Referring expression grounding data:
• • • • • • •
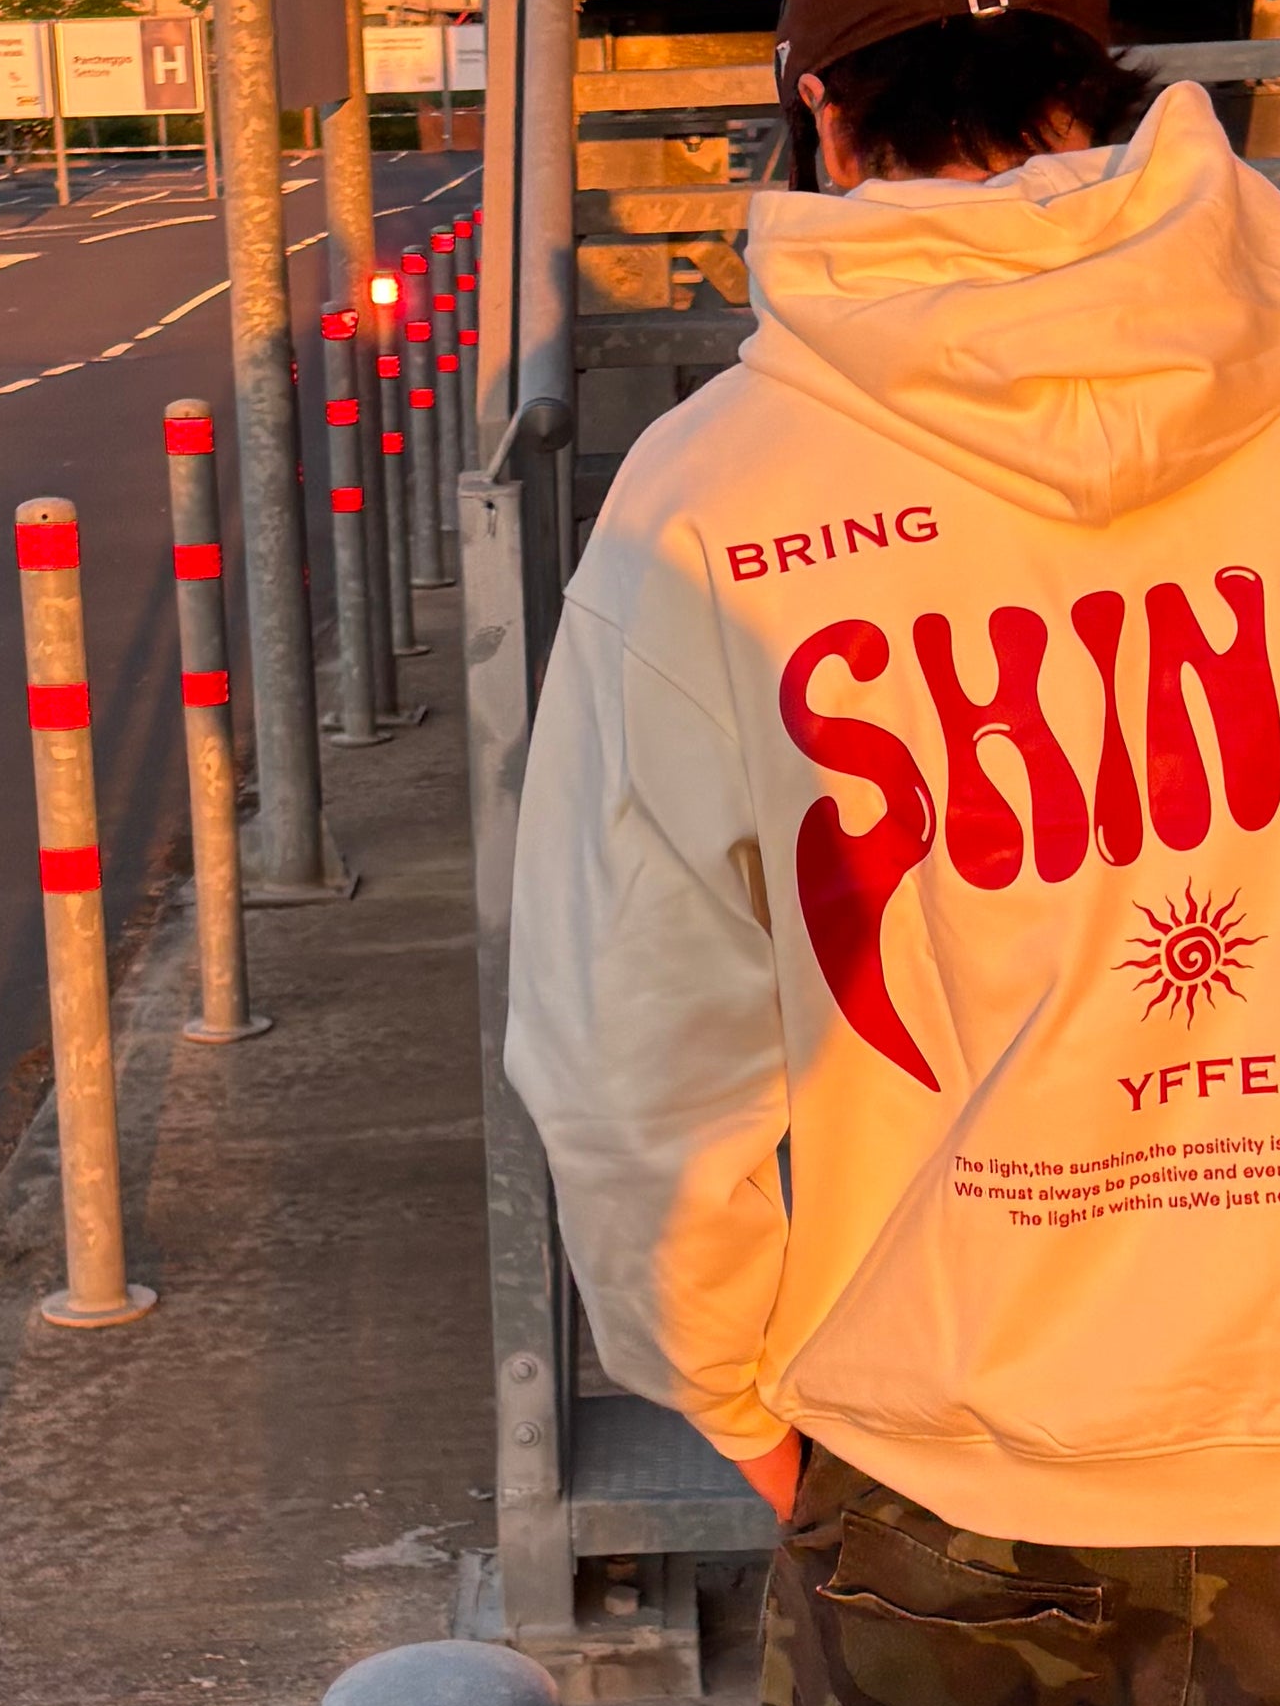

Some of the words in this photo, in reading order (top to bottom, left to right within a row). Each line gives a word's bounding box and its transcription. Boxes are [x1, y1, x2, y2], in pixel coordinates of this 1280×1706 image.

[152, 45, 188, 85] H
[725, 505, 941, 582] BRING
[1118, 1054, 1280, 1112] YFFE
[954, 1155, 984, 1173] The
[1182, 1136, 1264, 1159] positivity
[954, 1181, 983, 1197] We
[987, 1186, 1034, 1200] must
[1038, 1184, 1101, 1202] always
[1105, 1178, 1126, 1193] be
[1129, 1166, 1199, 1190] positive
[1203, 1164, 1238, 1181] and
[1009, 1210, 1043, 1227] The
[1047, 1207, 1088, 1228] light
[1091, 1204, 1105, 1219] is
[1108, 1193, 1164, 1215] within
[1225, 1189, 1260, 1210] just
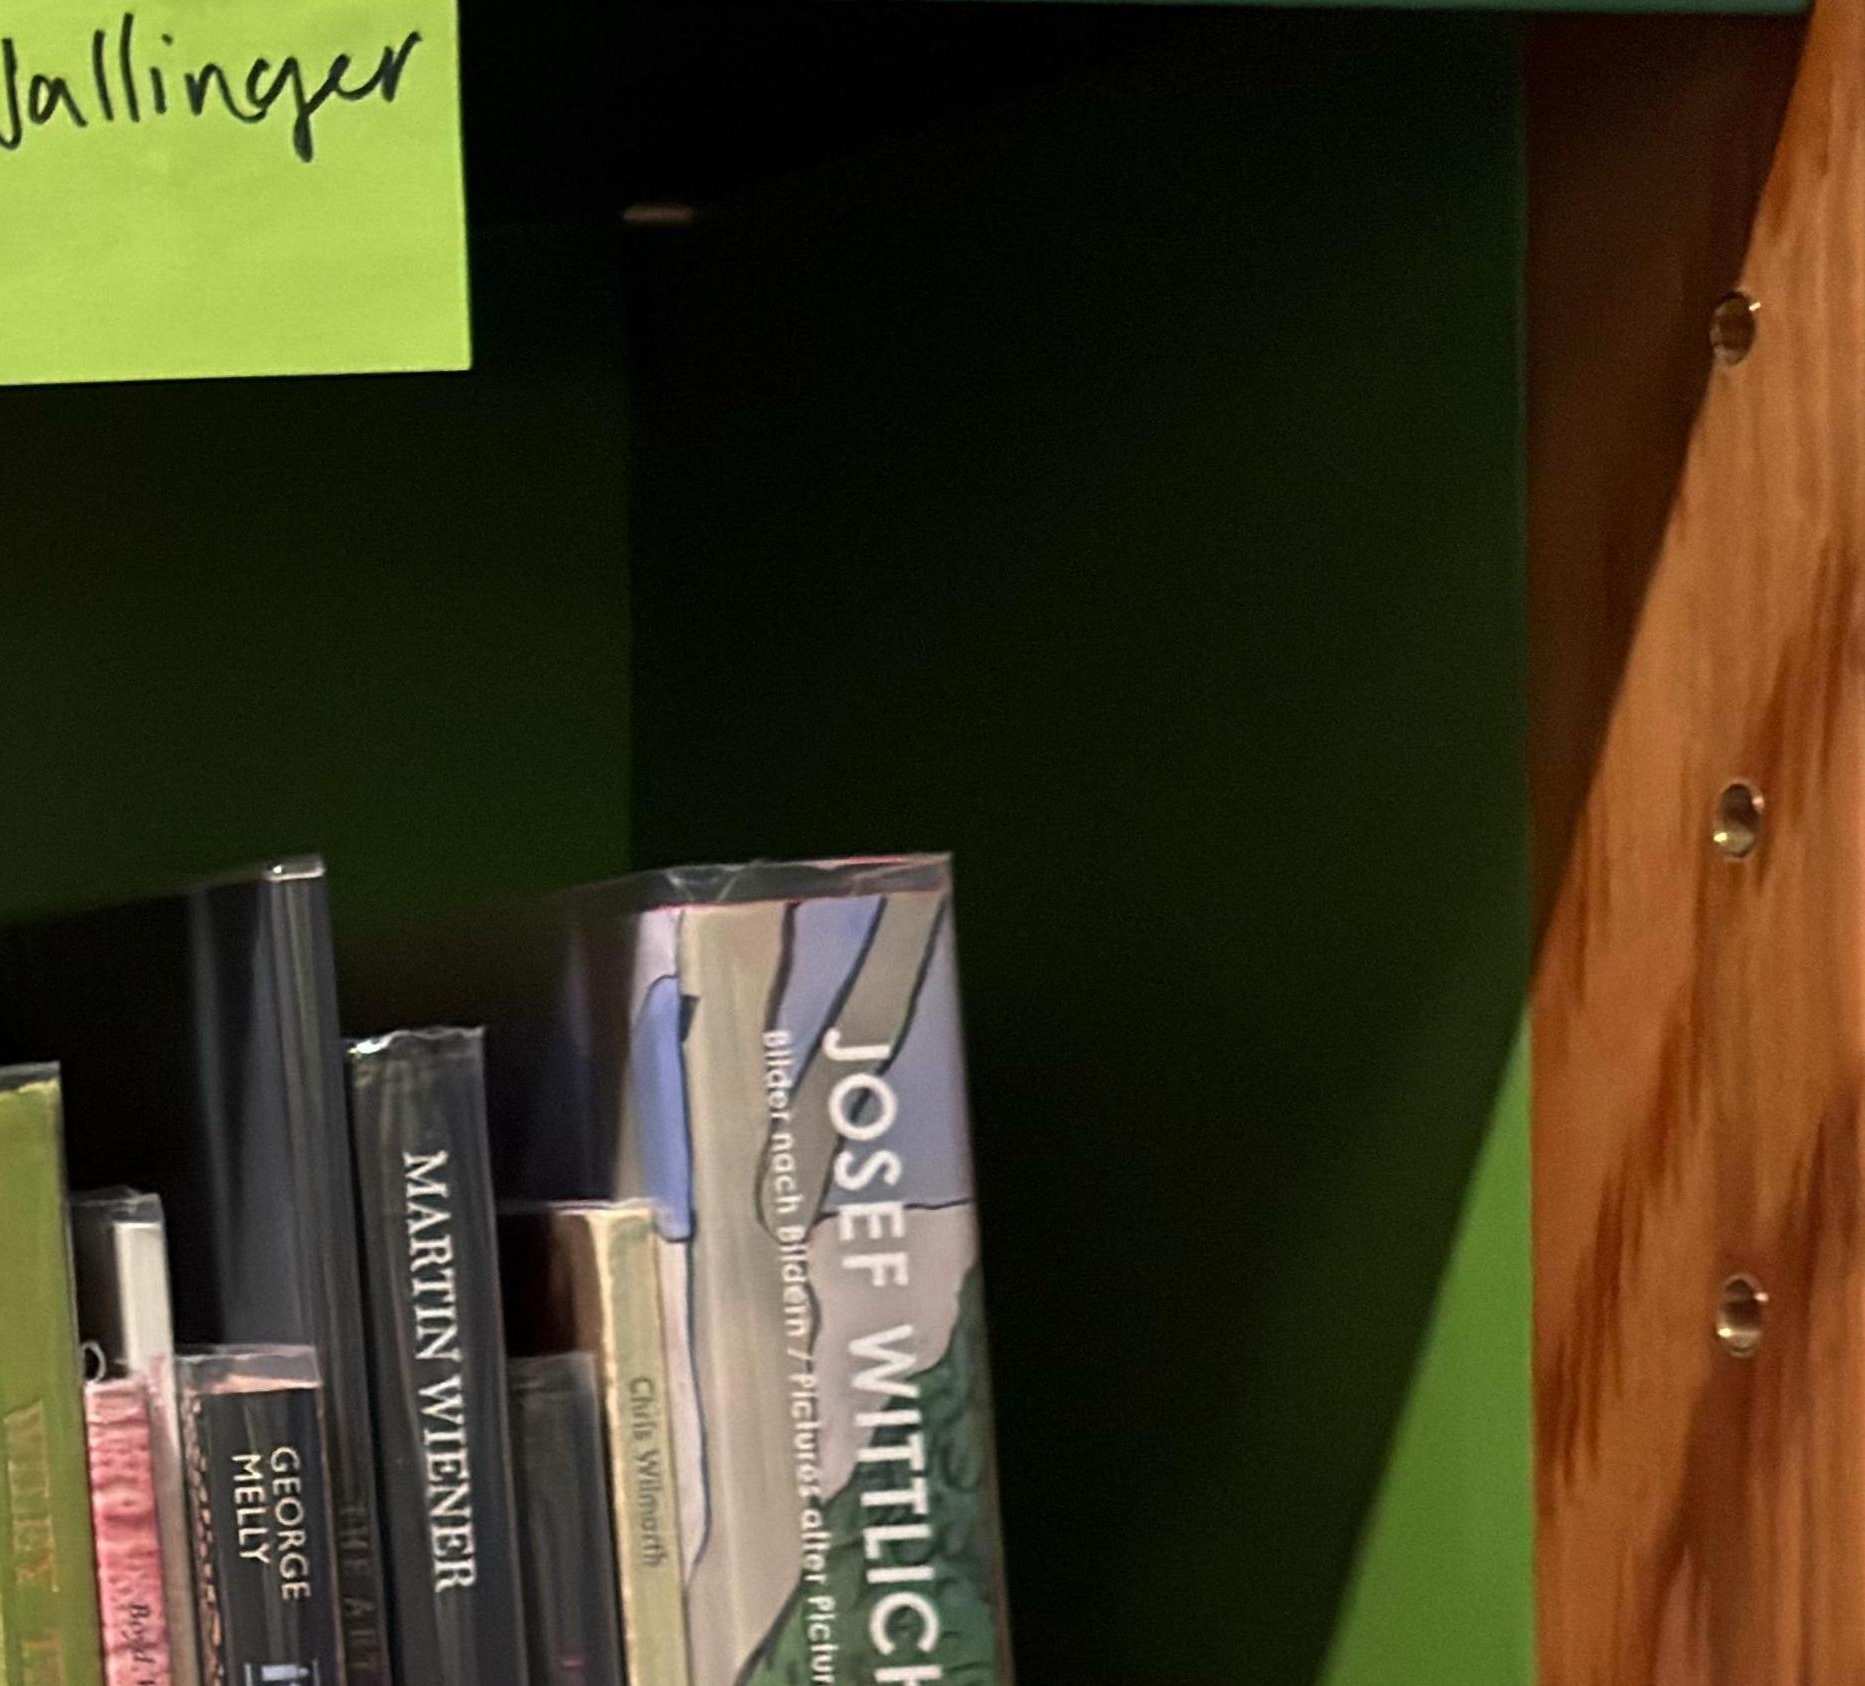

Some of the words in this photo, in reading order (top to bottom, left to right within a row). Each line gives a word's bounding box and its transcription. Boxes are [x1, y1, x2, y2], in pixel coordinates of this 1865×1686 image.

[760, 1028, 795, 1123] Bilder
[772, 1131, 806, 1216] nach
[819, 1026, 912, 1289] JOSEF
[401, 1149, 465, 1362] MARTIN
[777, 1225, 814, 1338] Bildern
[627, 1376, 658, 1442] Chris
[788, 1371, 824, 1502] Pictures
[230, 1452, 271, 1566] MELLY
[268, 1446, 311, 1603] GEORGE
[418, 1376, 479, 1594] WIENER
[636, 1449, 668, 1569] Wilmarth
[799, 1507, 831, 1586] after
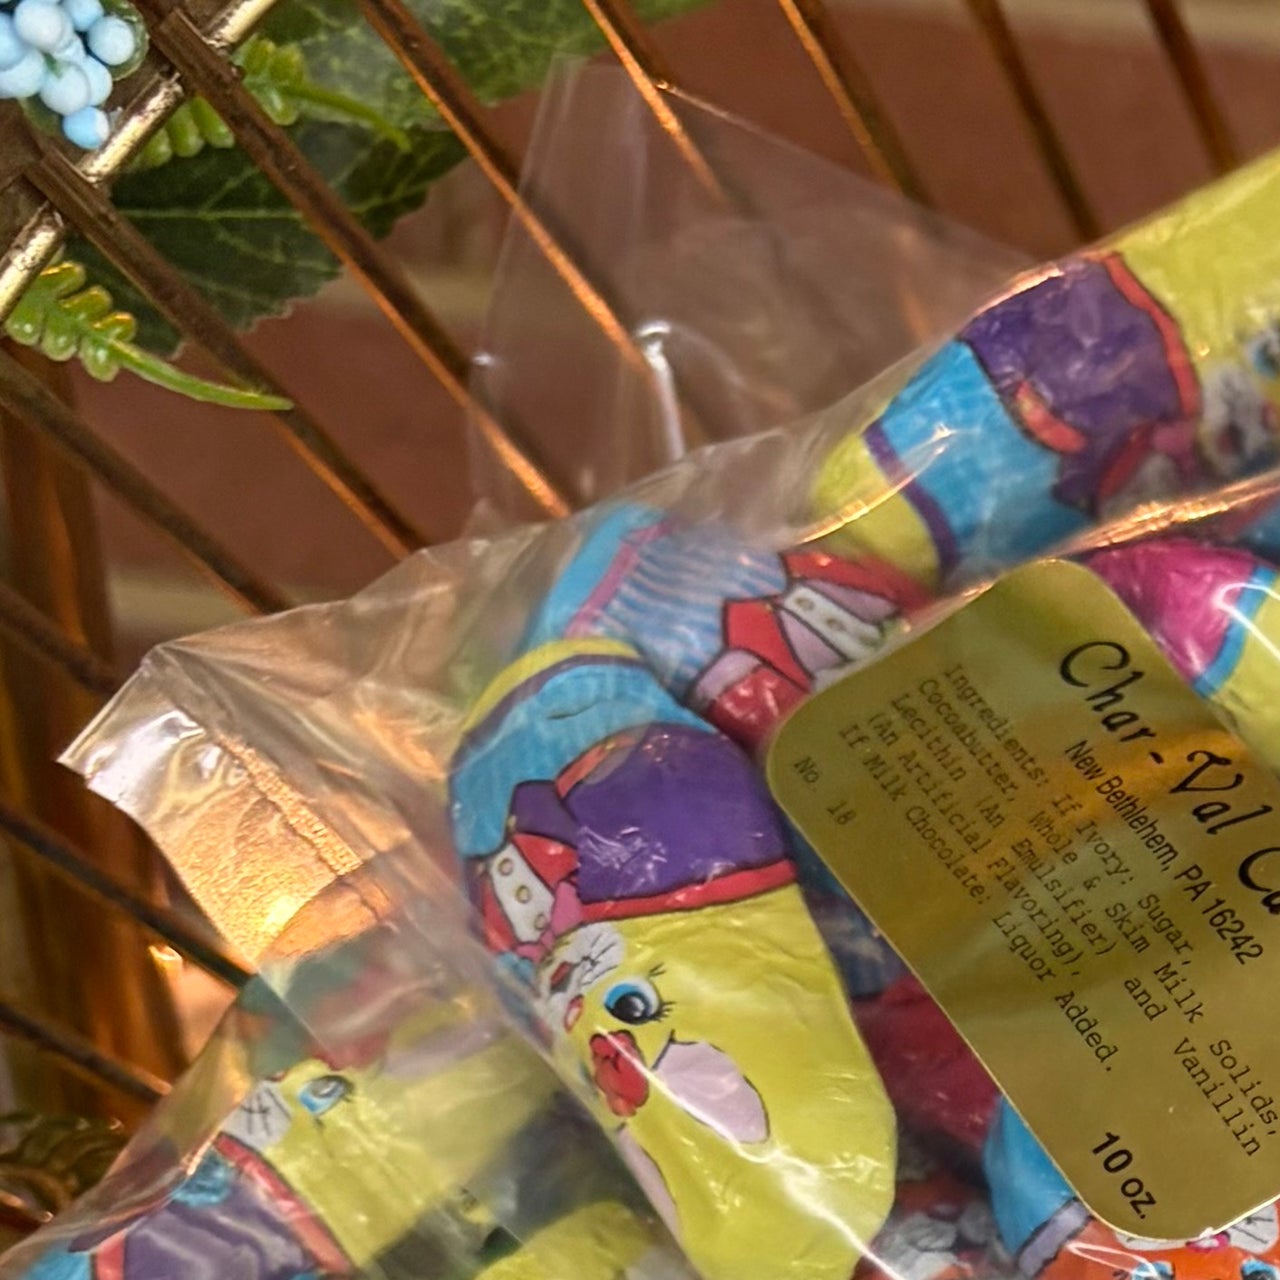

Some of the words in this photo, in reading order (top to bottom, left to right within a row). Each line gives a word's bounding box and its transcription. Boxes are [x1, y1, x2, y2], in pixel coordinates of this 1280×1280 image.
• • • • • • •
Word for word, repeat each record above; leave out every picture.

TASK OUTPUT:
Some of the words in this photo, in reading order (top to bottom, left to right within a row). Each line gives a word's bounding box and its transcription. Boxes are [x1, y1, x2, y2], in pixel coordinates of this 1280×1706 image.

[152, 45, 188, 85] H
[725, 505, 941, 582] BRING
[1118, 1054, 1280, 1112] YFFE
[954, 1155, 984, 1173] The
[1182, 1136, 1264, 1159] positivity
[954, 1181, 983, 1197] We
[987, 1186, 1034, 1200] must
[1038, 1184, 1101, 1202] always
[1105, 1178, 1126, 1193] be
[1129, 1166, 1199, 1190] positive
[1203, 1164, 1238, 1181] and
[1009, 1210, 1043, 1227] The
[1047, 1207, 1088, 1228] light
[1091, 1204, 1105, 1219] is
[1108, 1193, 1164, 1215] within
[1225, 1189, 1260, 1210] just

Some of the words in this photo, in reading order (top to bottom, left to right within a row). Each line gives a word's bounding box and its transcription. Boxes are [x1, y1, x2, y2], in pixel coordinates of this 1865×1686 image.

[760, 1028, 795, 1123] Bilder
[772, 1131, 806, 1216] nach
[819, 1026, 912, 1289] JOSEF
[401, 1149, 465, 1362] MARTIN
[777, 1225, 814, 1338] Bildern
[627, 1376, 658, 1442] Chris
[788, 1371, 824, 1502] Pictures
[230, 1452, 271, 1566] MELLY
[268, 1446, 311, 1603] GEORGE
[418, 1376, 479, 1594] WIENER
[636, 1449, 668, 1569] Wilmarth
[799, 1507, 831, 1586] after

Some of the words in this photo, in reading order (top to bottom, left to right within a row). Each line gives a word's bounding box and its transcription. Boxes are [x1, y1, x2, y2], in pixel coordinates of this 1280×1280 image.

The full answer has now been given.